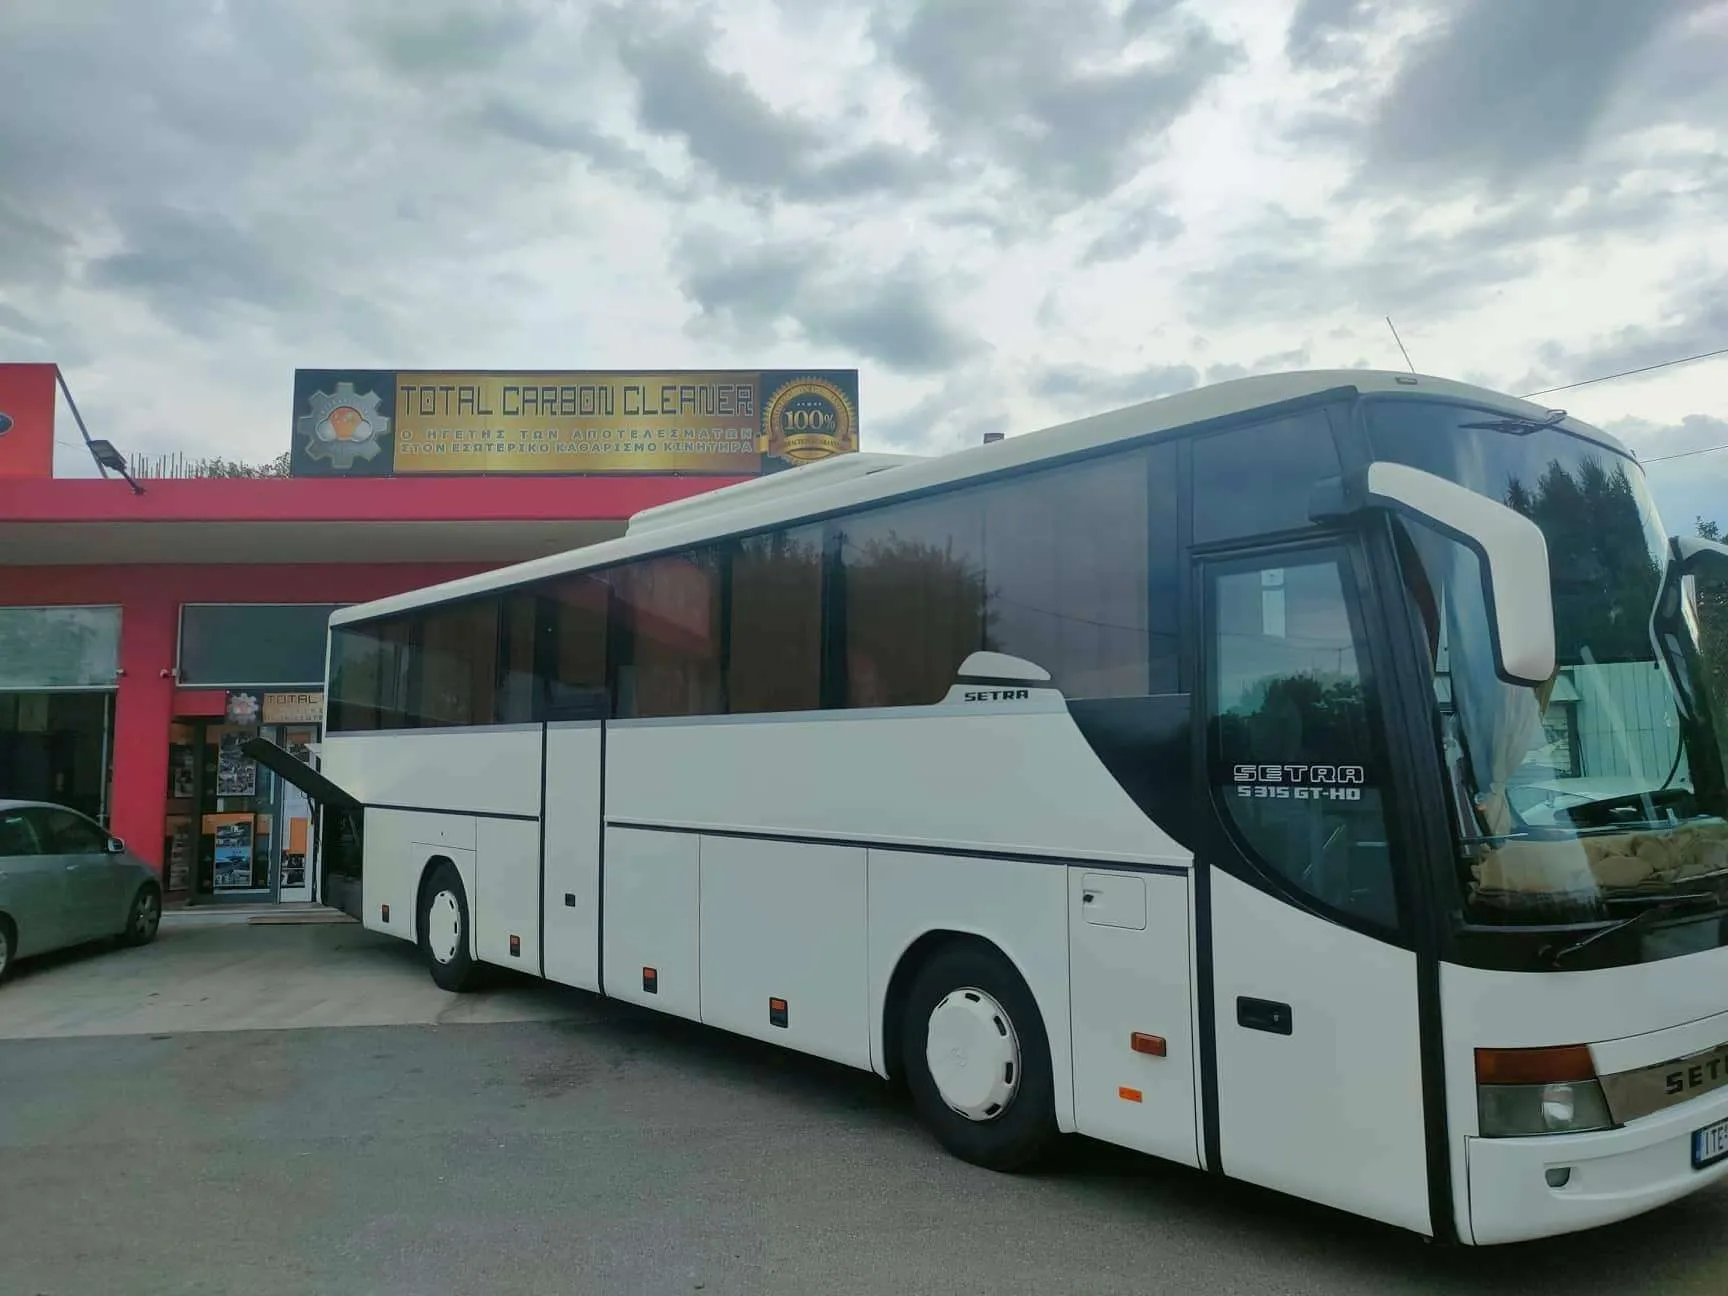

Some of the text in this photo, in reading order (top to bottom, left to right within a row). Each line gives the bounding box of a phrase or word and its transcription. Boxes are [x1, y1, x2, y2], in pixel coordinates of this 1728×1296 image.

[400, 385, 494, 416] TOTAL
[502, 385, 615, 416] CARBON
[623, 385, 753, 416] CLEANER
[784, 409, 836, 431] 100%
[401, 428, 753, 441] Ο ΗΓΕΤΗΣ ΤΩΝ ΑΠΟΤΕΛΕΣΜΑΤΩΝ
[401, 441, 754, 454] ΣΤΟΝ ΕΣΩΤΕΡΙΚΟ ΚΑΘΑΡΙΣΜΟ ΚΙΝΗΤΗΡΑ
[266, 694, 318, 704] TOTAL
[964, 689, 1029, 702] SETRA
[1233, 764, 1365, 784] SETRA
[1254, 786, 1290, 799] 315
[1294, 787, 1361, 801] GT-HD
[1665, 1055, 1728, 1094] SET
━━━━━━━━━━━━━━━━
What to do → Output the listing above exactly, pictures omitted.

Written answer →
Some of the text in this photo, in reading order (top to bottom, left to right within a row). Each line gives the bounding box of a phrase or word and its transcription. Boxes are [x1, y1, x2, y2], in pixel coordinates of this 1728×1296 image.

[400, 385, 494, 416] TOTAL
[502, 385, 615, 416] CARBON
[623, 385, 753, 416] CLEANER
[784, 409, 836, 431] 100%
[401, 428, 753, 441] Ο ΗΓΕΤΗΣ ΤΩΝ ΑΠΟΤΕΛΕΣΜΑΤΩΝ
[401, 441, 754, 454] ΣΤΟΝ ΕΣΩΤΕΡΙΚΟ ΚΑΘΑΡΙΣΜΟ ΚΙΝΗΤΗΡΑ
[266, 694, 318, 704] TOTAL
[964, 689, 1029, 702] SETRA
[1233, 764, 1365, 784] SETRA
[1254, 786, 1290, 799] 315
[1294, 787, 1361, 801] GT-HD
[1665, 1055, 1728, 1094] SET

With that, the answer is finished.